Q.197 Consult internet and find out how to make orally active protein pharmaceutical. What is the major problem to be encountered?

Ans.

The orally active protein pharmaceutical are those that can be taken through the oral route. To successfully administer orally active protein pharmaceutical, one needs to put the protein in the form of a tablet whose coating is not affected by the acidic gastric juices. This coating should dissolve only in the intestine, thus releasing the proteins in the intestine from where they can be absorbed by the villi. However, the proteases present in the stomach like pepsin, trypsin and chymotrypsin will act on the orally active protein pharmaceutical and degrade it. The acid of the stomach will denature whatever is remaining after degradation.

The major problem that lies with the development of protein-based pharmaceutical is the fragile nature of the protein and requirement of precise conditions, both in terms of structure as well as surrounding environment, to ensure its activity.

Q.198 Does our blood have proteases and nucleases?

Ans.

No, our blood does not contain proteases and nucleases. In human beings, blood serum contains different types of protease inhibitors, which protect the blood proteins from being broken down by the action of proteases. The enzyme, nucleases, catalyzes the hydrolysis of nucleic acids therefore it is absent in the blood.

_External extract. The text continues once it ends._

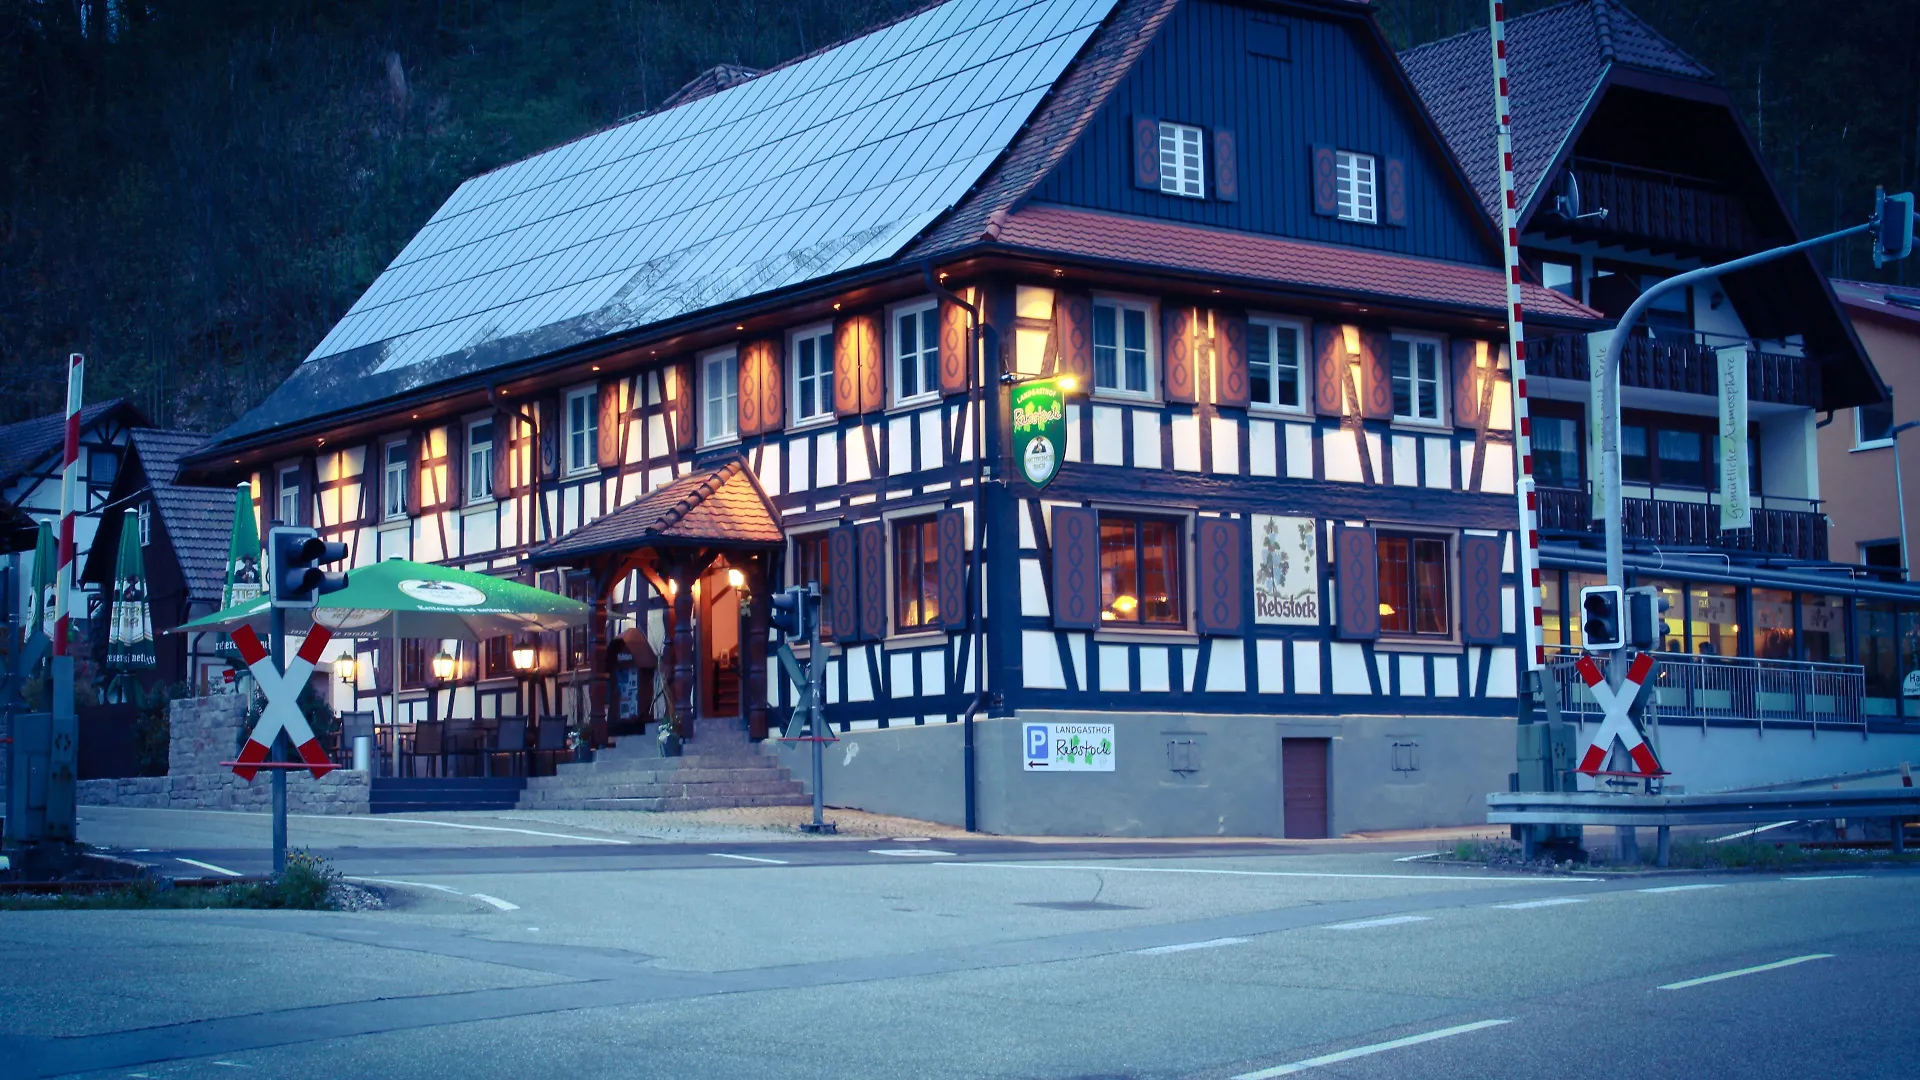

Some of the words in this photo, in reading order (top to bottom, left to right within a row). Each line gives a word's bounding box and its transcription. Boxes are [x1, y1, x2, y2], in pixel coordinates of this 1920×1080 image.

Q.199 Find out from internet about golden rice.

Ans.

  • The aim of producing golden rice was to produce a fortified food to be grown and consumed in areas with a shortage of dietary vitamin A. Vitamin A deficiency kills about hundreds and thousands of children under the age of 5 each year.
  • Golden rice is a genetically modified variety of Oryza sativa rice. It has been produced by genetic engineering in such a way that it biosynthesizes beta-carotene, a precursor of vitamin A, in the edible parts of rice. Golden rice differs from its parental strain by the addition of three beta-carotene biosynthesis genes.
  • The scientific details of the rice were first published in journal Science in 2000. It was the product of an eight-year-long project by Dr. Ingo Potrykus of the Swiss Federal Institute of Technology and Dr. Peter Beyer of the University of Freiburg. This was considered a major breakthrough in biotechnology as an entire biosynthetic pathway was altered by scientists.
  • In 2005, a new variety called Golden Rice 2 was announced which produces up to 23 times more beta-carotene than the original golden rice. Although golden rice was developed as a tool to replace dietary supplement of vitamin A, it has met with significant opposition from environmental and anti-globalization activists.

Q.200 Can you suggest a method to remove oil (hydrocarbon) from seeds based on your understanding of rDNA technology and chemistry of oil?

Ans.

Oil consists of glycerols and fatty acids. In order to develop oil-free seeds, one needs to derive a mechanism to silence or inactivate the gene responsible for the production of glycerol and fatty acids. Using rDNA technology the genetic material of an organism can be manipulated to obtain the desired results. Thus, if one wants to get oil-free seeds, genes responsible for the expression of glycerol and fatty acids need to be silenced or inactivated by performing various methods.